*** Opening The records ***

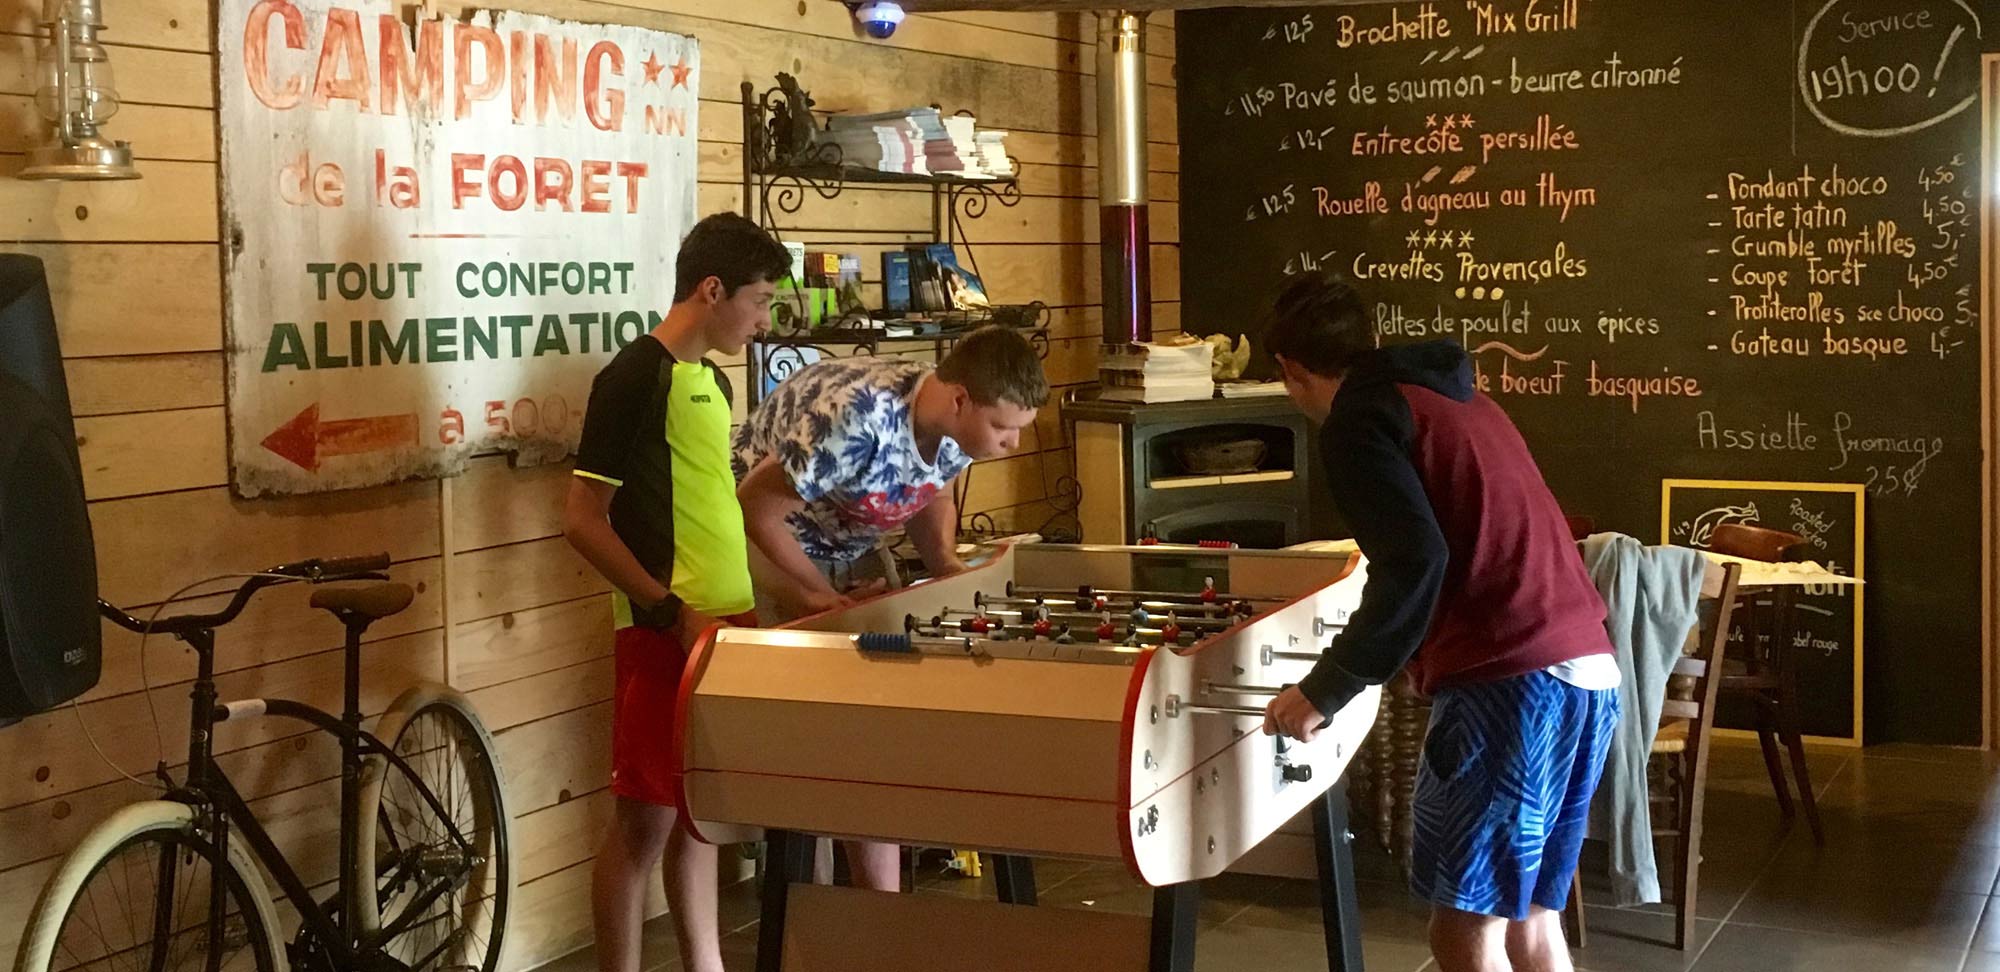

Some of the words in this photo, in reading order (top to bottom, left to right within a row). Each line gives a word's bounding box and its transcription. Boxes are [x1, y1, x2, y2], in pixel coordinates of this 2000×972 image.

[1337, 3, 1451, 48] Brochette
[1838, 10, 1933, 43] Service
[243, 0, 625, 133] CAMPING
[1278, 79, 1336, 109] Pavé
[1348, 72, 1376, 104] de
[1388, 74, 1485, 103] saumon
[1510, 56, 1584, 94] beurre
[1591, 51, 1683, 88] citronné
[645, 104, 686, 137] NN
[1352, 125, 1463, 156] Entrecôte
[1480, 114, 1579, 163] persillée
[279, 145, 344, 208] de
[375, 148, 421, 209] la
[451, 153, 649, 214] FORET
[1312, 181, 1390, 217] Rouelle
[1401, 180, 1489, 226] d'agneau
[1500, 188, 1526, 207] au
[1536, 172, 1596, 223] thym
[1728, 164, 1815, 200] Fondant
[1821, 164, 1888, 197] choco
[1731, 203, 1785, 229] Tarte
[1792, 200, 1846, 229] tatin
[1731, 229, 1815, 257] Crumble
[1828, 220, 1916, 263] myrtilles
[307, 262, 422, 300] TOUT
[456, 261, 634, 299] CONFORT
[1353, 250, 1444, 282] Crevettes
[1456, 241, 1587, 284] Provençales
[1731, 263, 1788, 296] Coupe
[1432, 304, 1454, 333] de
[1461, 299, 1531, 350] poulet
[1545, 317, 1582, 333] aux
[1597, 308, 1660, 343] épices
[1729, 291, 1845, 324] Profiterolles
[1888, 289, 1944, 322] choco
[1731, 327, 1809, 357] Gateau
[1824, 327, 1908, 361] basque
[1500, 356, 1569, 394] boeuf
[1586, 360, 1702, 413] basquaise
[1697, 410, 1817, 450] Assiette
[1790, 497, 1836, 533] Roasted
[1812, 638, 1840, 656] rouge

*** Closing The records ***

Exercise objective:
Copy everything in the records above except the pictures, exactly as written.

Written answer:
Some of the words in this photo, in reading order (top to bottom, left to right within a row). Each line gives a word's bounding box and its transcription. Boxes are [x1, y1, x2, y2], in pixel coordinates of this 2000×972 image.

[1337, 3, 1451, 48] Brochette
[1838, 10, 1933, 43] Service
[243, 0, 625, 133] CAMPING
[1278, 79, 1336, 109] Pavé
[1348, 72, 1376, 104] de
[1388, 74, 1485, 103] saumon
[1510, 56, 1584, 94] beurre
[1591, 51, 1683, 88] citronné
[645, 104, 686, 137] NN
[1352, 125, 1463, 156] Entrecôte
[1480, 114, 1579, 163] persillée
[279, 145, 344, 208] de
[375, 148, 421, 209] la
[451, 153, 649, 214] FORET
[1312, 181, 1390, 217] Rouelle
[1401, 180, 1489, 226] d'agneau
[1500, 188, 1526, 207] au
[1536, 172, 1596, 223] thym
[1728, 164, 1815, 200] Fondant
[1821, 164, 1888, 197] choco
[1731, 203, 1785, 229] Tarte
[1792, 200, 1846, 229] tatin
[1731, 229, 1815, 257] Crumble
[1828, 220, 1916, 263] myrtilles
[307, 262, 422, 300] TOUT
[456, 261, 634, 299] CONFORT
[1353, 250, 1444, 282] Crevettes
[1456, 241, 1587, 284] Provençales
[1731, 263, 1788, 296] Coupe
[1432, 304, 1454, 333] de
[1461, 299, 1531, 350] poulet
[1545, 317, 1582, 333] aux
[1597, 308, 1660, 343] épices
[1729, 291, 1845, 324] Profiterolles
[1888, 289, 1944, 322] choco
[1731, 327, 1809, 357] Gateau
[1824, 327, 1908, 361] basque
[1500, 356, 1569, 394] boeuf
[1586, 360, 1702, 413] basquaise
[1697, 410, 1817, 450] Assiette
[1790, 497, 1836, 533] Roasted
[1812, 638, 1840, 656] rouge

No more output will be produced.